Amino acids, Butterfly lizard, Crude protein, Leiolepis rubritaeniata, ND2 gene

Abstract

Background and Objectives: The genus Leiolepis (family Agamidae), commonly known as butterfly lizards, is widely distributed across Southeast Asia and typically inhabits dry, open areas with sandy soils and sparse vegetation. Among the ten recognized species, L. rubritaeniata is notable for its distinctive red-striped flanks and occurrence in northeastern Thailand. Although previous studies have explored its taxonomy, distribution, and behavior, limited information is available on its physiological and nutritional biology, particularly regarding protein content and amino acid composition. Proteins are essential macromolecules involved in tissue development, immune response, metabolism, and energy balance, and reptiles living in seasonal environments may develop adaptations to cope with fluctuating food availability. In some rural communities, agamid lizards are also consumed as supplementary sources of protein, making their nutritional value relevant from both ecological and ethnobiological perspectives. Despite this importance, most reptilian nutrition studies have focused on snakes and turtles, leaving small lizard species such as L. rubritaeniata understudied. This research aims to confirm the species identity of L. rubritaeniata specimens collected from Udon Thani Province using morphological and ND2 gene sequence analyses and to determine and compare the total protein content and amino acid composition in the body and tail tissues of male and female individuals. The findings will provide baseline data that support further studies in reptilian nutritional ecology, physiological adaptation, and conservation planning.
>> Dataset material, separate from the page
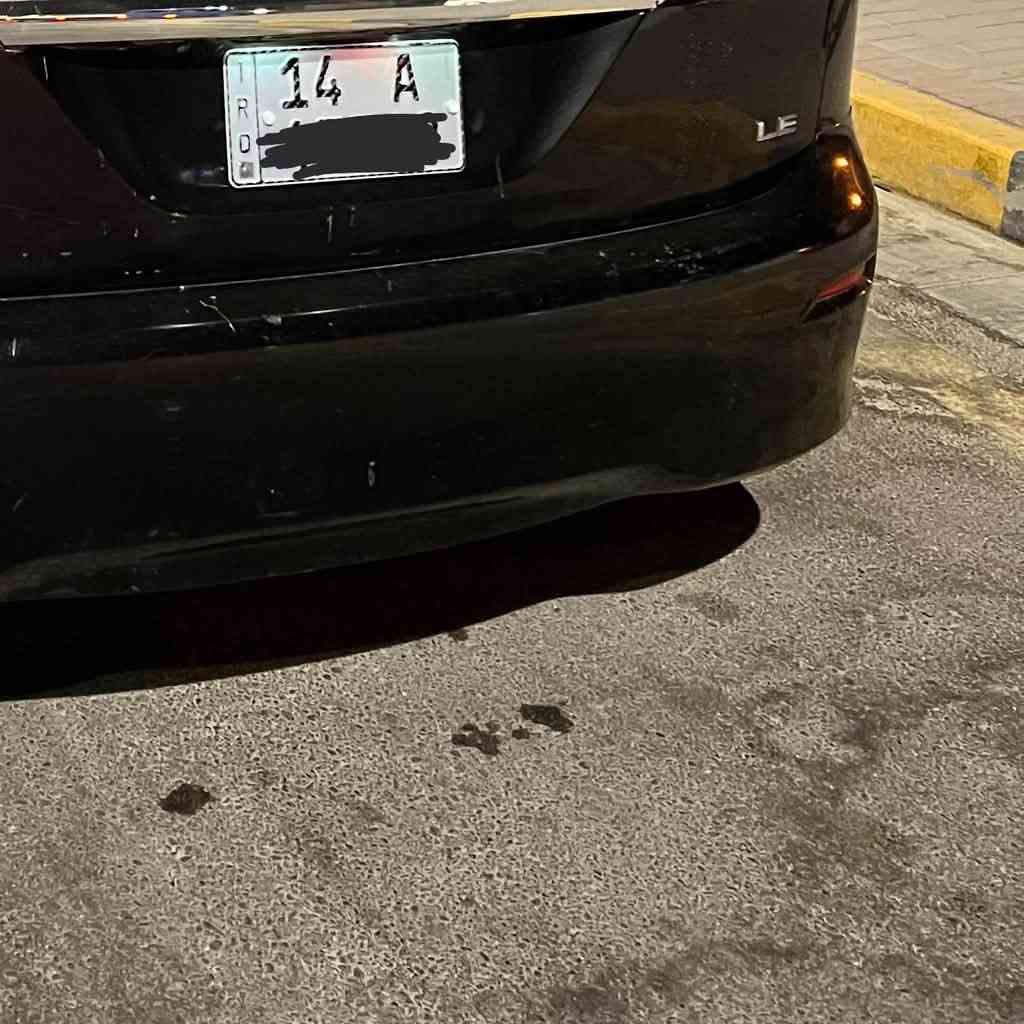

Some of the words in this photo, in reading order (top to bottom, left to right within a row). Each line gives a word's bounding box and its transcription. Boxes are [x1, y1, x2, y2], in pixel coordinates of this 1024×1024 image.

[281, 55, 342, 109] 14
[394, 53, 419, 103] A
[755, 114, 798, 142] LE
Methodology: Specimens of L. rubritaeniata were collected from Kham Khok Sung and Bayao Subdistricts in Wang Sam Mo District, Udon Thani Province, using snares and excavation methods. Following euthanasia, liver tissues were preserved in 95% ethanol at –20 °C for DNA analysis. For protein and amino acid composition analysis, muscle samples were collected separately from two regions: (1) the body, comprising the head, neck, trunk and limbs, and (2) the tail, consisting exclusively of tail muscle. All samples were promptly processed for analysis. All specimens were deposited in the Khon Kaen Vertebrate Collection (KKUC), and the study received ethical approval from the Institutional Animal Care and Use Committee of Khon Kaen University (Ref. no. 660201.2.11/318 [50]). Species identification was based on morphology and mitochondrial ND2 gene sequences, amplified using METF6 and CO1R1 primers and sequenced by Pacific Science. Sequences were aligned in SeaView and phylogenetic trees constructed using Maximum Parsimony in PAUP* and Bayesian Inference in MrBayes, with model selection via MrModelTest. Pairwise sequence divergences were calculated in MEGA X. Morphological identification included snout-vent length (SVL), tail length, scale and pore counts, and coloration traits. Crude protein was analyzed in triplicate using the Kjeldahl method with a Gerhardt KT 8s system, and protein content was calculated from nitrogen percentage following Horwitz and Latimer’s formula. For amino acid composition, hydrolyzed samples were analyzed using ion-exchange chromatography and an automatic amino acid analyzer (SCION Artemis 6000), with detection via post-column derivatization and ninhydrin reaction.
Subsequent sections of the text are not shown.